Saved data entries ::
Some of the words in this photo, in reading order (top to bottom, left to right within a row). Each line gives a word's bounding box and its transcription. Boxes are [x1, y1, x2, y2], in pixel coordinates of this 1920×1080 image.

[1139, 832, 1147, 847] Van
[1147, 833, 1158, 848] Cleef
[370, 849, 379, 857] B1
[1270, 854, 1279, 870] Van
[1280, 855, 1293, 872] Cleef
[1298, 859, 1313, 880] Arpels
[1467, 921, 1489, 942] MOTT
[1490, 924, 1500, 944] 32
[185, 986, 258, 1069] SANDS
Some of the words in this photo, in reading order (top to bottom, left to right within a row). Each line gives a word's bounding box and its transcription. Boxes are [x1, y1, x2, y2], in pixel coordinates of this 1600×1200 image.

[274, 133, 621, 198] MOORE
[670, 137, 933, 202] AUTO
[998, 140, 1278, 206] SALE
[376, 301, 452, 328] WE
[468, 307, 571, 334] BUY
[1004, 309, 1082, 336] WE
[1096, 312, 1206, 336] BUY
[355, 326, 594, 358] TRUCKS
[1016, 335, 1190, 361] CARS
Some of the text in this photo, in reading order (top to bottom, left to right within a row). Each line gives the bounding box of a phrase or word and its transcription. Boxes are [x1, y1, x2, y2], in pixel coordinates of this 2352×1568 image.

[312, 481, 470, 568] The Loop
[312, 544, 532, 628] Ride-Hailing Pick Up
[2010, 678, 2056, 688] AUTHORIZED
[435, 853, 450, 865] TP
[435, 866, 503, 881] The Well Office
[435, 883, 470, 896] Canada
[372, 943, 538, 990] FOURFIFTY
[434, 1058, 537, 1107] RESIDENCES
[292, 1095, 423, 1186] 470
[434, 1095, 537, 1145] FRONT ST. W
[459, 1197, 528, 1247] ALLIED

AIM OF THE TASK ::
Write out the entries above word for word.

RESPONSE ::
Some of the words in this photo, in reading order (top to bottom, left to right within a row). Each line gives a word's bounding box and its transcription. Boxes are [x1, y1, x2, y2], in pixel coordinates of this 1920×1080 image.

[1139, 832, 1147, 847] Van
[1147, 833, 1158, 848] Cleef
[370, 849, 379, 857] B1
[1270, 854, 1279, 870] Van
[1280, 855, 1293, 872] Cleef
[1298, 859, 1313, 880] Arpels
[1467, 921, 1489, 942] MOTT
[1490, 924, 1500, 944] 32
[185, 986, 258, 1069] SANDS
Some of the words in this photo, in reading order (top to bottom, left to right within a row). Each line gives a word's bounding box and its transcription. Boxes are [x1, y1, x2, y2], in pixel coordinates of this 1600×1200 image.

[274, 133, 621, 198] MOORE
[670, 137, 933, 202] AUTO
[998, 140, 1278, 206] SALE
[376, 301, 452, 328] WE
[468, 307, 571, 334] BUY
[1004, 309, 1082, 336] WE
[1096, 312, 1206, 336] BUY
[355, 326, 594, 358] TRUCKS
[1016, 335, 1190, 361] CARS
Some of the text in this photo, in reading order (top to bottom, left to right within a row). Each line gives the bounding box of a phrase or word and its transcription. Boxes are [x1, y1, x2, y2], in pixel coordinates of this 2352×1568 image.

[312, 481, 470, 568] The Loop
[312, 544, 532, 628] Ride-Hailing Pick Up
[2010, 678, 2056, 688] AUTHORIZED
[435, 853, 450, 865] TP
[435, 866, 503, 881] The Well Office
[435, 883, 470, 896] Canada
[372, 943, 538, 990] FOURFIFTY
[434, 1058, 537, 1107] RESIDENCES
[292, 1095, 423, 1186] 470
[434, 1095, 537, 1145] FRONT ST. W
[459, 1197, 528, 1247] ALLIED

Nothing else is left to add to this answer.